Exercise description: Every entry is to be restated exactly; pictures are not part of the copy.

═══ The data

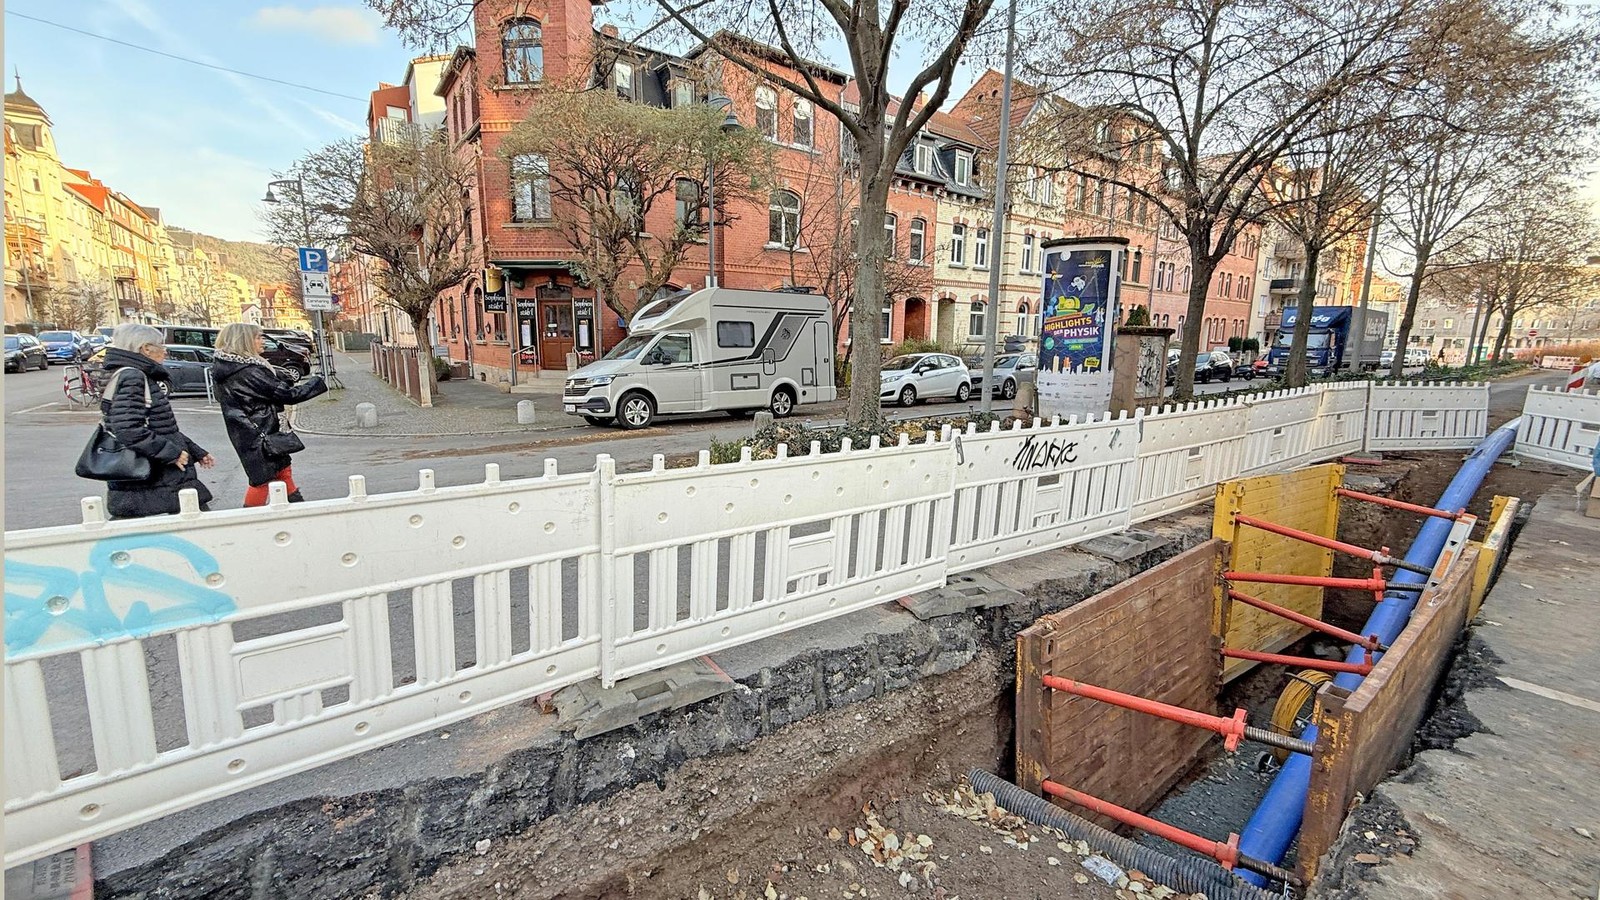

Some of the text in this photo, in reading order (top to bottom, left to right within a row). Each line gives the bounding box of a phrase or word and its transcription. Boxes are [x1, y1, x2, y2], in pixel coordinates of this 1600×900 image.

[305, 250, 321, 269] P
[1044, 316, 1092, 332] HIGHLIGHTS
[1063, 326, 1100, 338] PHYSIK
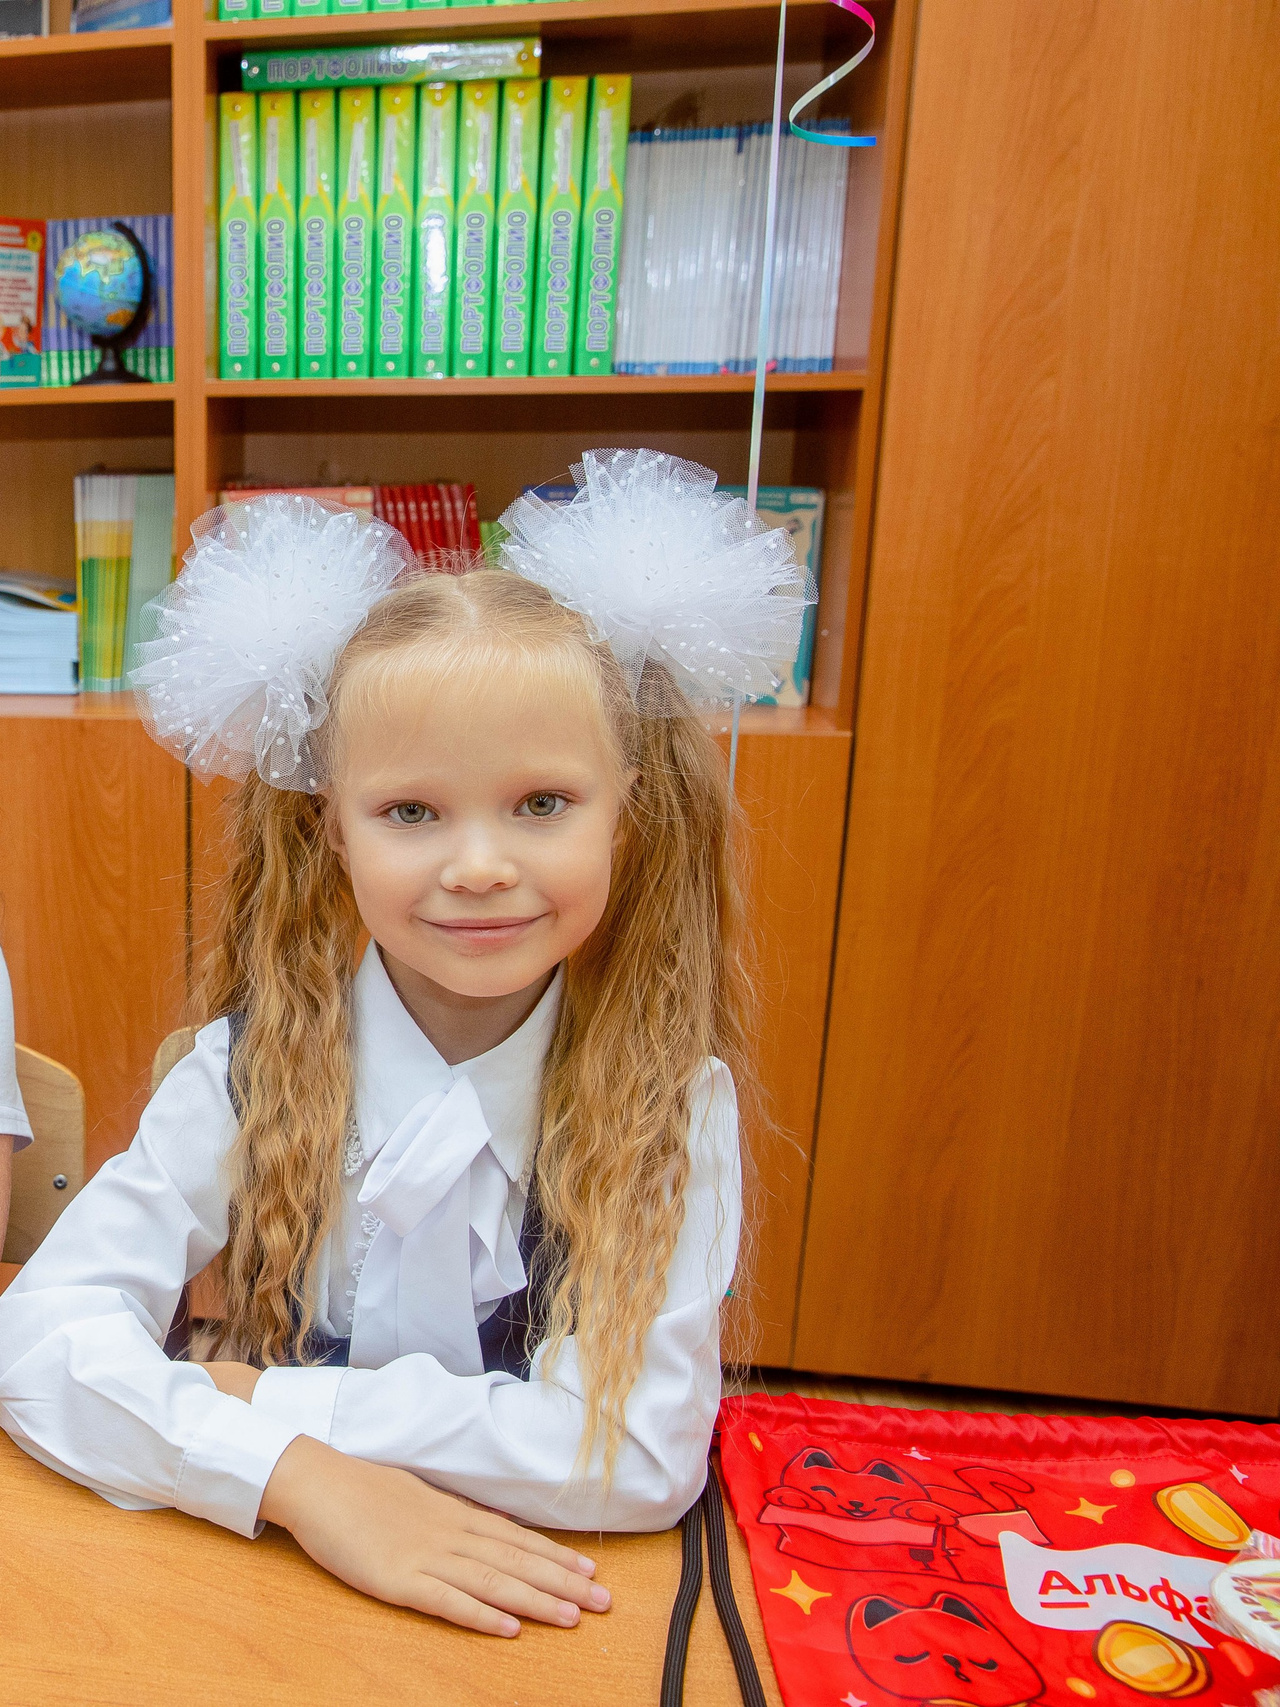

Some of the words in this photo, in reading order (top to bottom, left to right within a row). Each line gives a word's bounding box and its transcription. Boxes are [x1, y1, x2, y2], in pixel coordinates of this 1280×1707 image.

[267, 55, 408, 82] ПОРТФОЛИО
[227, 218, 248, 355] ПОРТФОЛИО
[265, 217, 286, 355] ПОРТФОЛИО
[305, 216, 325, 355] ПОРТФОЛИО
[342, 215, 363, 354] ПОРТФОЛИО
[381, 214, 403, 354] ПОРТФОЛИО
[461, 212, 485, 352] ПОРТФОЛИО
[501, 211, 527, 352] ПОРТФОЛИО
[545, 210, 572, 352] ПОРТФОЛИО
[586, 208, 615, 351] ПОРТФОЛИО
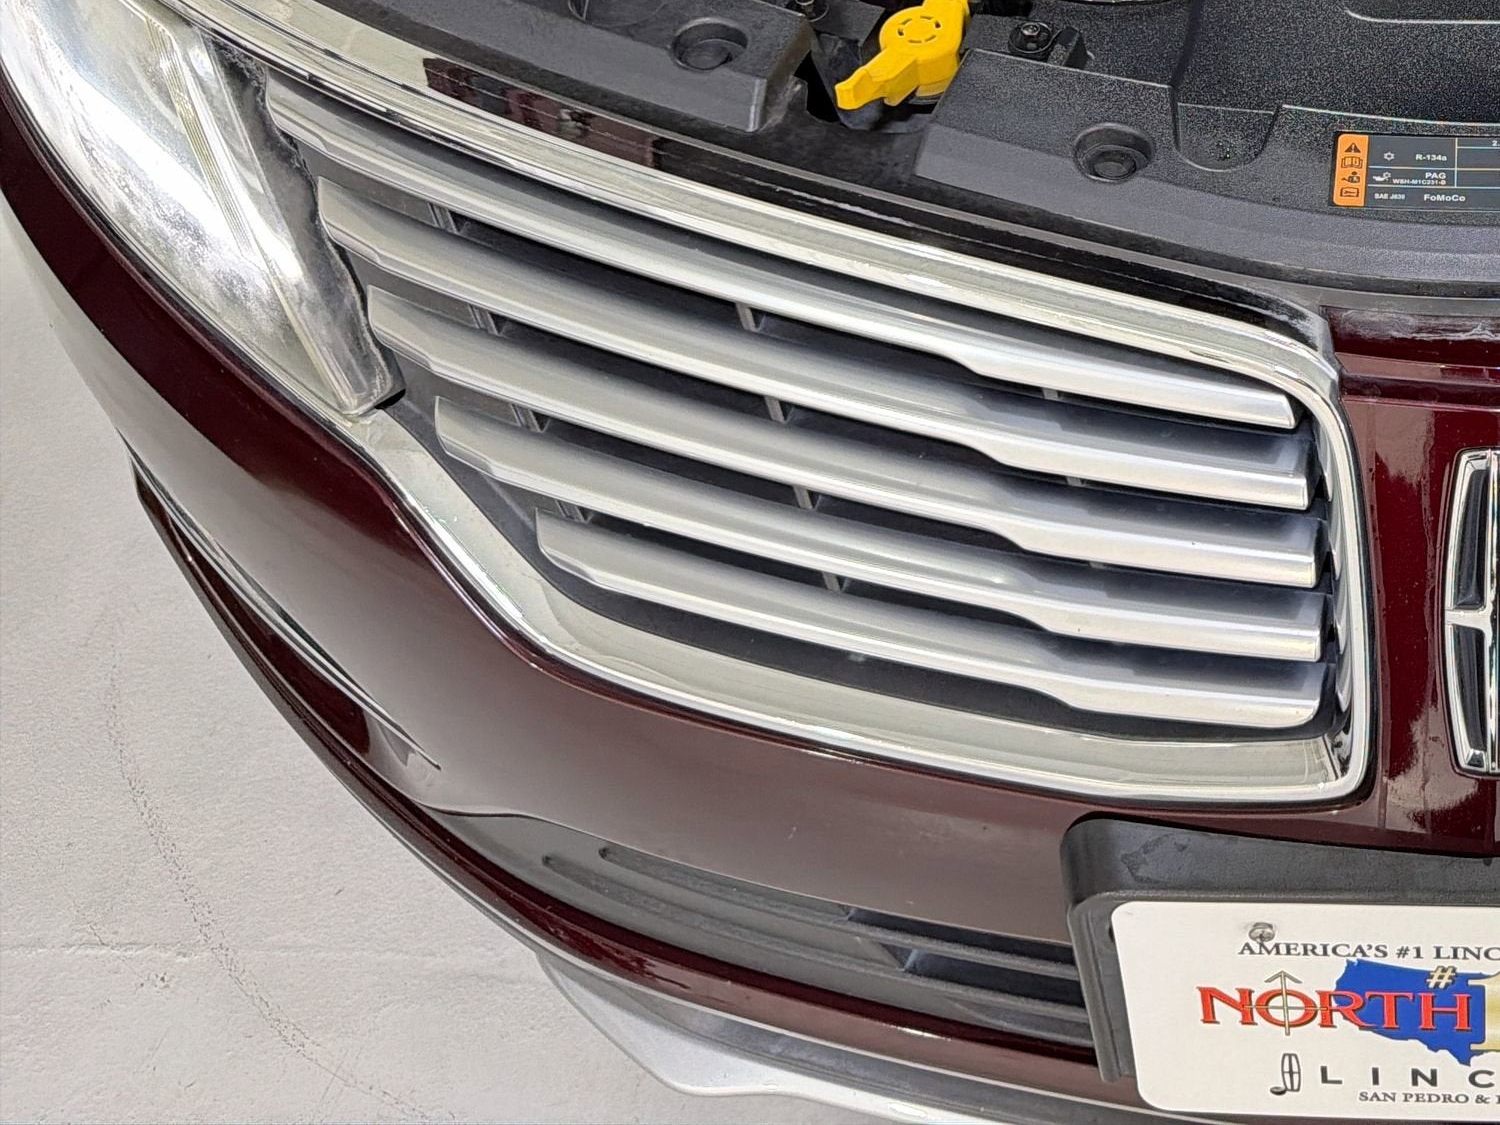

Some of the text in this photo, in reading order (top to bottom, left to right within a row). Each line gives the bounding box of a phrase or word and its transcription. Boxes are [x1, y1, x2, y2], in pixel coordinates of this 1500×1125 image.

[1415, 153, 1448, 162] R-134a
[1423, 193, 1466, 202] FoMoCo
[1237, 941, 1389, 959] AMERICA'S
[1396, 945, 1424, 960] #1
[1196, 985, 1472, 1032] NORTH
[1358, 1091, 1397, 1103] SAN
[1402, 1092, 1469, 1104] PEDRO
[1474, 1093, 1492, 1105] &
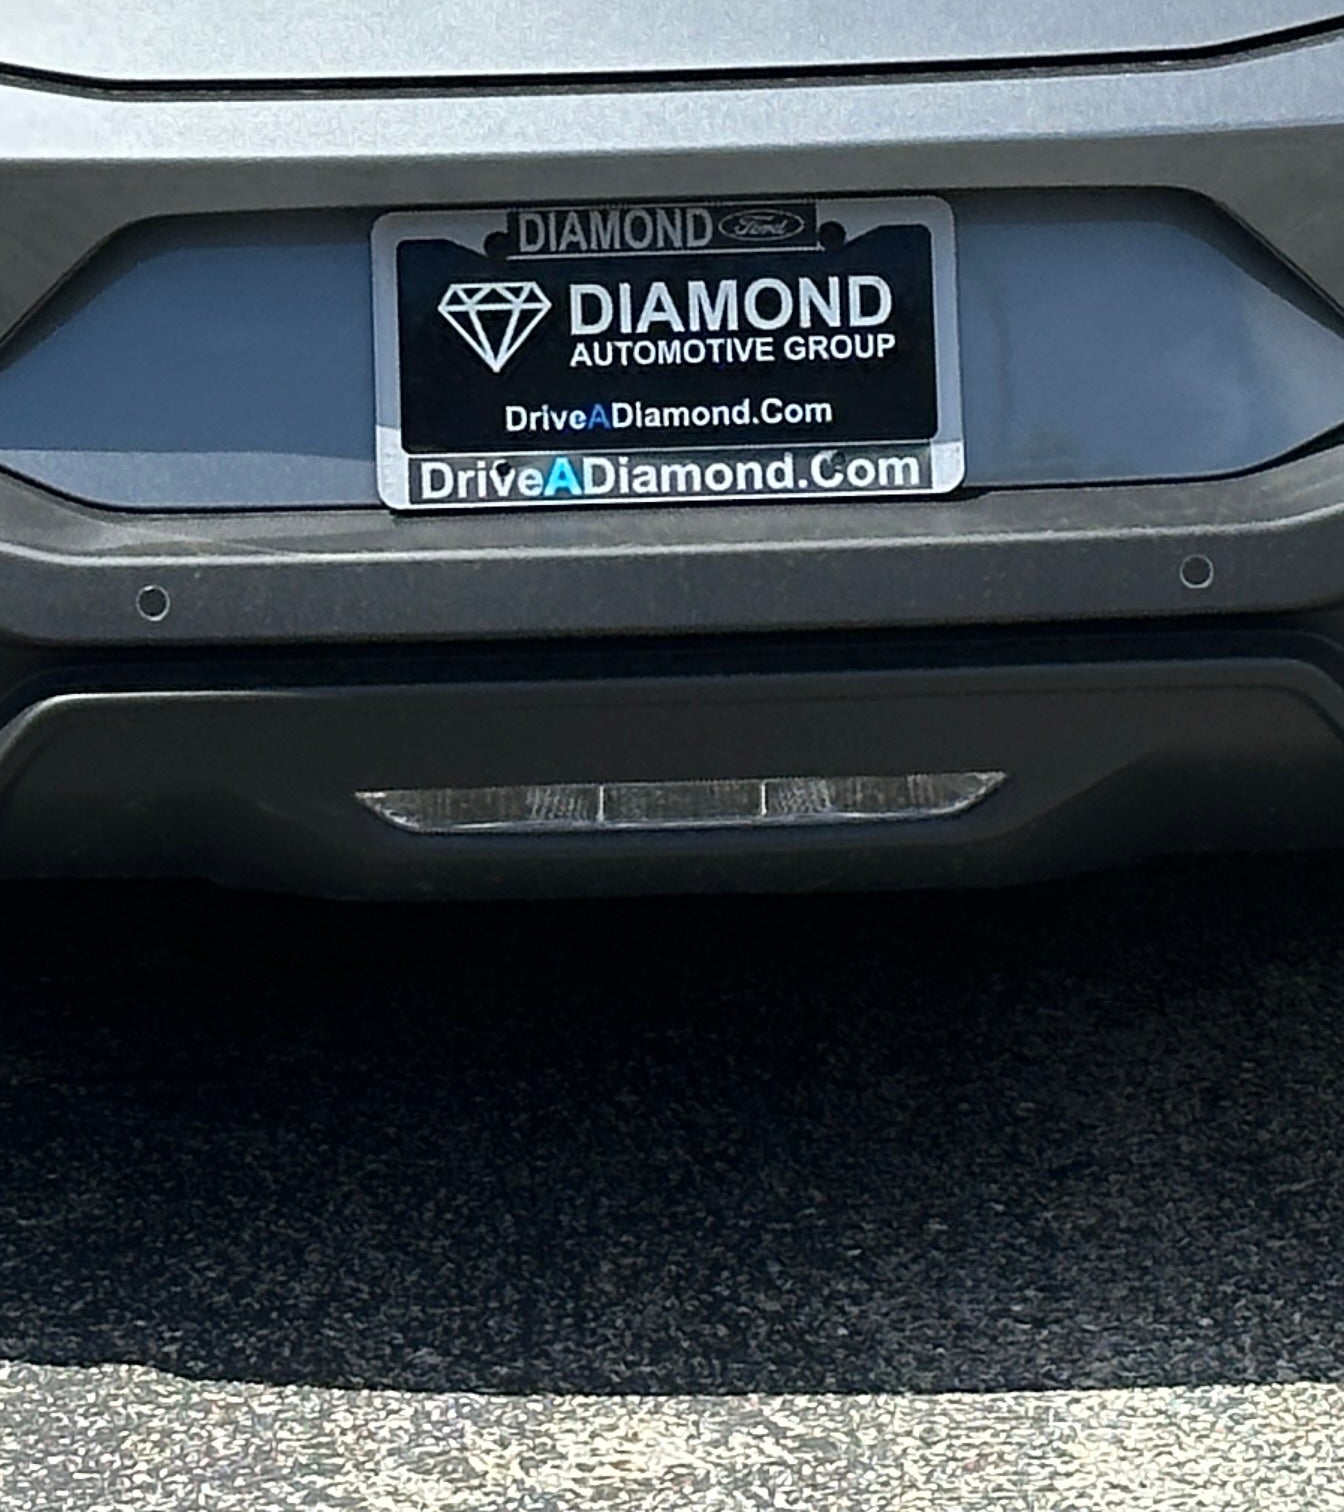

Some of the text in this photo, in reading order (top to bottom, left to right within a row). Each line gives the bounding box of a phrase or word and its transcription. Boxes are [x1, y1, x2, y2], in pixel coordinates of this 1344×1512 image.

[517, 207, 789, 253] DIAMOND Ford
[569, 274, 892, 336] DIAMOND
[569, 333, 897, 367] AUTOMOTIVE GROUP
[505, 396, 833, 432] DriveADiamond.Com
[420, 449, 920, 500] DriveADiamond.Com

══════

Task response:
Some of the text in this photo, in reading order (top to bottom, left to right within a row). Each line gives the bounding box of a phrase or word and its transcription. Boxes are [x1, y1, x2, y2], in pixel coordinates of this 1600×900 image.

[305, 250, 321, 269] P
[1044, 316, 1092, 332] HIGHLIGHTS
[1063, 326, 1100, 338] PHYSIK

Some of the words in this photo, in reading order (top to bottom, left to right within a row). Each line gives a word's bounding box and its transcription. Boxes are [x1, y1, x2, y2], in pixel coordinates of this 1280×1707 image.

[267, 55, 408, 82] ПОРТФОЛИО
[227, 218, 248, 355] ПОРТФОЛИО
[265, 217, 286, 355] ПОРТФОЛИО
[305, 216, 325, 355] ПОРТФОЛИО
[342, 215, 363, 354] ПОРТФОЛИО
[381, 214, 403, 354] ПОРТФОЛИО
[461, 212, 485, 352] ПОРТФОЛИО
[501, 211, 527, 352] ПОРТФОЛИО
[545, 210, 572, 352] ПОРТФОЛИО
[586, 208, 615, 351] ПОРТФОЛИО

Some of the text in this photo, in reading order (top to bottom, left to right within a row). Each line gives the bounding box of a phrase or word and its transcription. Boxes are [x1, y1, x2, y2], in pixel coordinates of this 1500×1125 image.

[1415, 153, 1448, 162] R-134a
[1423, 193, 1466, 202] FoMoCo
[1237, 941, 1389, 959] AMERICA'S
[1396, 945, 1424, 960] #1
[1196, 985, 1472, 1032] NORTH
[1358, 1091, 1397, 1103] SAN
[1402, 1092, 1469, 1104] PEDRO
[1474, 1093, 1492, 1105] &

Some of the text in this photo, in reading order (top to bottom, left to right within a row). Each line gives the bounding box of a phrase or word and its transcription. Boxes are [x1, y1, x2, y2], in pixel coordinates of this 1344×1512 image.

[517, 207, 789, 253] DIAMOND Ford
[569, 274, 892, 336] DIAMOND
[569, 333, 897, 367] AUTOMOTIVE GROUP
[505, 396, 833, 432] DriveADiamond.Com
[420, 449, 920, 500] DriveADiamond.Com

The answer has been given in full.